Он принялся старательно рисовать, и Лекок сказал:
– Примитивно. Верно, но безжизненно.
– Я еще не закончил.
– Время! Время! Время! Разве дело во времени?
– Значит, я что-то делаю не так, мэтр?
– Длинные или короткие мазки – все равно. Главное, чтобы ваши глаза не теряли чувствительности. Глаза должны быть посредником между вами и натурой.
– Я рисую то, что вижу.
– То, что чувствую. Чувствуете-то вы, дорогой друг, вполне достаточно, да видите мало.
Лекоку нравился этот юноша, но разве знаешь, кто из них добьется успеха, а кто нет? Когда он был студентом Большой школы, все считали, что Гораций Лекок де Буабодран станет вторым Давидом или Энгром, а он всего-навсего хотел остаться де Буабодраном, самим собой.
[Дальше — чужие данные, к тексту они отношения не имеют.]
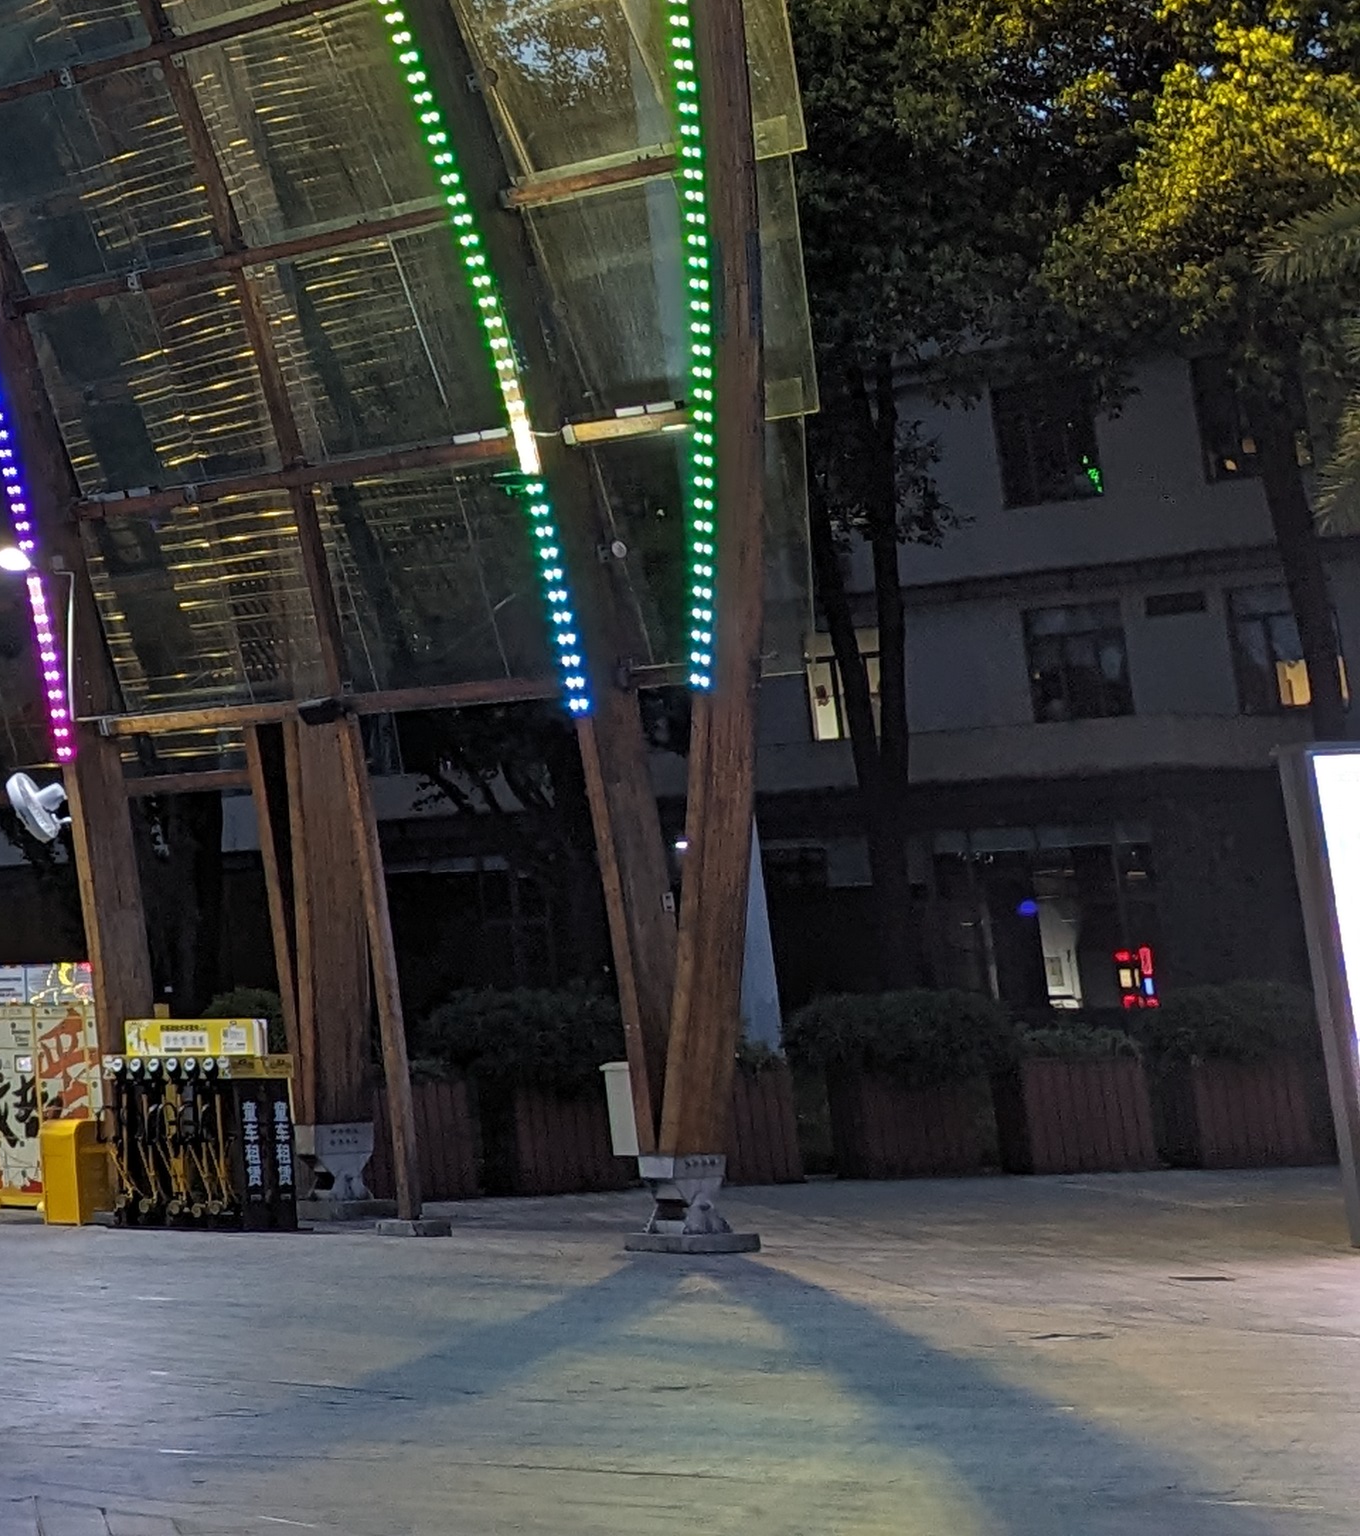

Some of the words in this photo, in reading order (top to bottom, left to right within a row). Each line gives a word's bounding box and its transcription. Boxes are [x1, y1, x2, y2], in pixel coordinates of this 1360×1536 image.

[241, 1100, 262, 1187] 童车租赁
[273, 1100, 293, 1187] 童车租赁
Теперь он редко писал, и говорили, что он прирожденный педагог, а это значило, что картин от него больше не ждут.
– Рисуйте свободней, непринужденней, Роден, все эти условности не имеют значения. Присматривайтесь. Это ведь целое искусство – уметь видеть. Уметь видеть – труднее всего, тут нужен гений. Огюст очень хотел сказать Лекоку, что у него болят глаза, что когда он так далеко от модели, то видит лишь расплывчатые контуры; пока он слушал мэтра, более напористые из учеников протолкнулись поближе к натурщице. Огюст почти не видел ее за чужими спинами. А рисунок еще не закончен. Шея, плечи, руки еще не нарисованы. Да он никогда и не закончит, вдруг испугался Огюст, потому что Лекок направился к натурщице, разрешил ей отдохнуть и та присела на стул, накинув на пухлые плечи толстую шерстяную накидку, чтобы согреться.
В перерыве Барнувен представил Огюста небольшой группе его знакомых студентов. Анри Фантен-Латур
, на четыре года старше Огюста, был оратором группы, у него были такие же рыжие волосы, как у Огюста, усы и реденькая бородка – типичный молодой художник. Альфонс Легро
, смуглый, невысокий, тихий, но полный скрытого огня. Жюль Далу
, ученик класса ваяния, энергичный, не скрывающий своих мнений, с узким нервным лицом. Но центром кружка был Эдгар Дега, он даже не рисовал, а просто сидел и наблюдал за всем; ему было двадцать два, и никто не сомневался в широте его познаний. Дега был изящным, с продолговатым худым лицом и полными губами, а таких насмешливых и пытливых глаз Огюст еще никогда не видал. Барнувен сказал:
– Ну и здоровая же натурщица, меня от нее прямо тошнит.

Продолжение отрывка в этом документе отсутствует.